KEY POINTS:
Low-income earners are only half as likely as high earners to join KiwiSaver, according to Treasury projections.
Budget documents posted on the Treasury website show the department's middle estimate is for KiwiSaver to be taken up within 10 years by 70 per cent of those earning more than $38,000 a year ($731 a week) and 50 per cent of those on between $26,000 and $38,000 - but by just 35 per cent of those below $26,000 ($500 a week).
A low estimate forecasts take-up by 60 per cent at high incomes but just 30 per cent at low incomes.
A high estimate puts the most optimistic take-up rates at 90 per cent at high incomes but still only 50 per cent at low incomes.
The official projections are borne out in two surveys published since the KiwiSaver scheme started on July 1.

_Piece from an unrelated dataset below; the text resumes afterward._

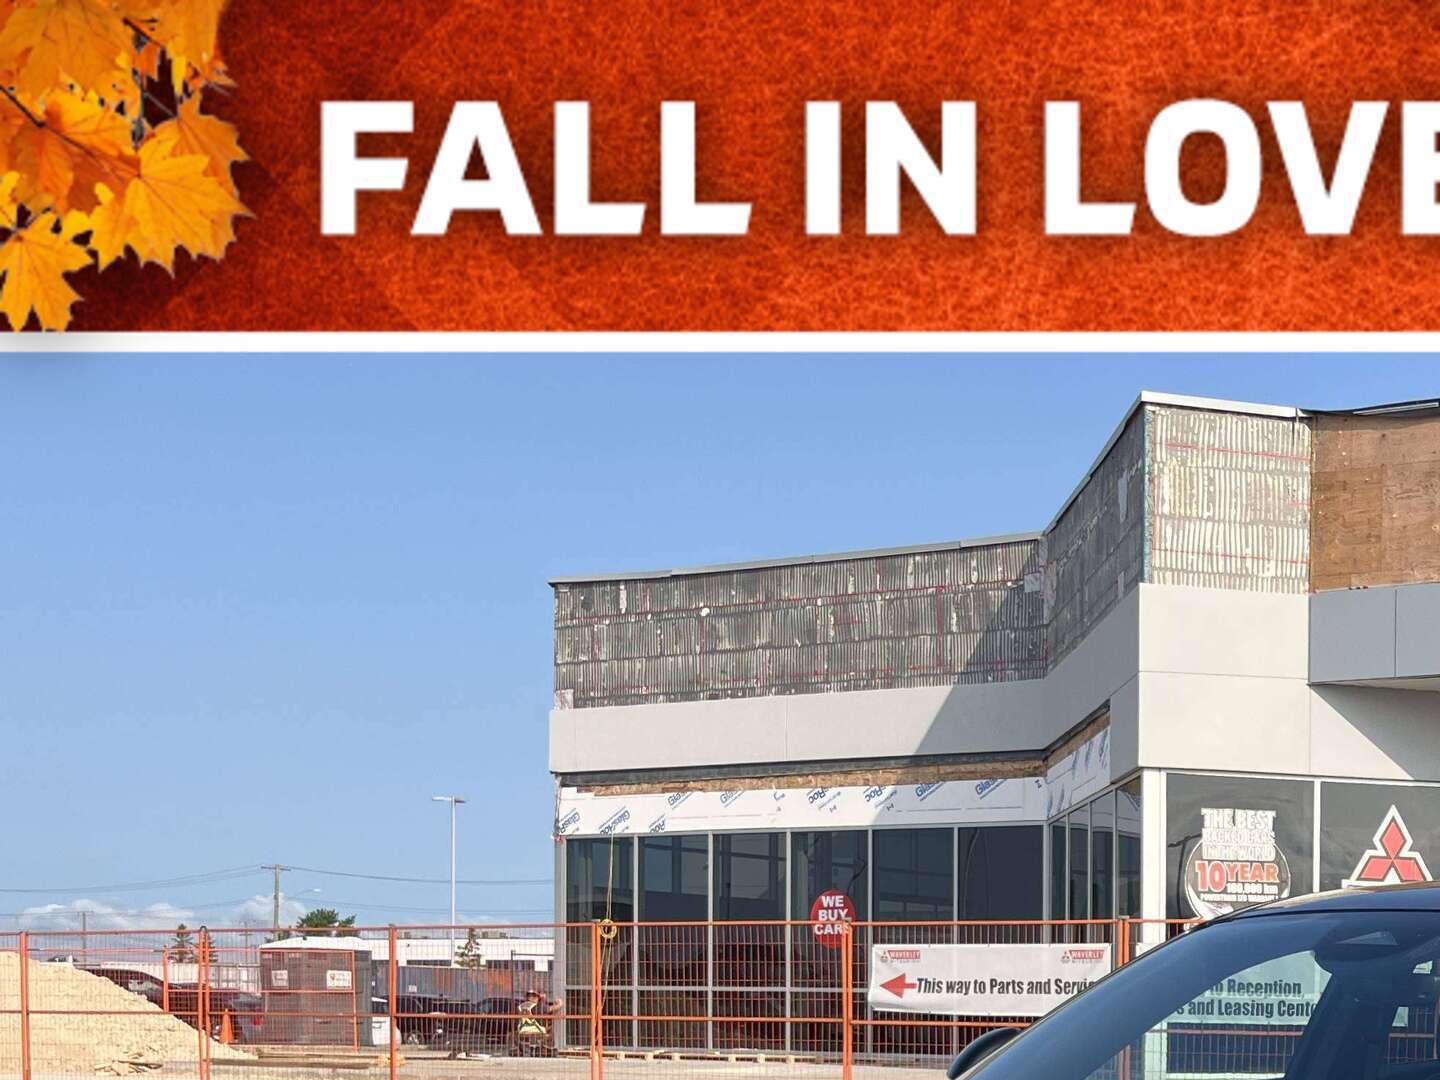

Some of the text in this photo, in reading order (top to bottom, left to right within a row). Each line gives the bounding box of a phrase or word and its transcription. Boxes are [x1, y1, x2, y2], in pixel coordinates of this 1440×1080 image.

Both polls, by Research NZ and by Kudos for KiwiSaver provider ING, show higher numbers in upper income brackets planning to join the scheme.
Auckland University economist Susan St John said the projections confirmed her view that the scheme's Government subsidies would exacerbate inequalities that build up during working life.
"People who are not in KiwiSaver will pay higher overall taxes to pay for the subsidies for those who are in it," she said.
The Budget calculated that the KiwiSaver subsidies of up to $20 a week for savers and their employers would cost taxpayers $1.2 billion a year by 2011.
It estimated that household savings would rise by then by slightly less, $1.1 billion. In effect, Government saving will be reduced by $1.2 billion a year to induce a $1.1 billion increase in private saving.
The net effect on saving is expected to be minimal, partly because the Treasury expects that about 60 per cent of those joining KiwiSaver will already be contributing to existing superannuation schemes.
A further 20 per cent are expected to have to borrow to fund at least part of their KiwiSaver contributions, leaving only the remaining 20 per cent who will join a super scheme for the first time through KiwiSaver and will not have to borrow to do so.
The Treasury says the likely pattern is indicated by the current spread of people in existing super schemes, which rises with increasing income from only 9 per cent of those earning under $15,000 a year to 47 per cent of those over $60,000.
"Second, we know from Inland Revenue's employer monthly schedules that around 40 per cent of individuals with incomes of less than $26,000 work for less than six months of the year," it says.
"It is unlikely that many of these casual and seasonal workers would want to contribute to a superannuation scheme.
"We also know that New Zealand Superannuation will provide a similar level of consumption in retirement for individuals of less than $26,000, suggesting that many of those with incomes in this range may have little need to save for retirement."
The current gross pension for a married couple on New Zealand super is $511.40 a week ($26,593 a year).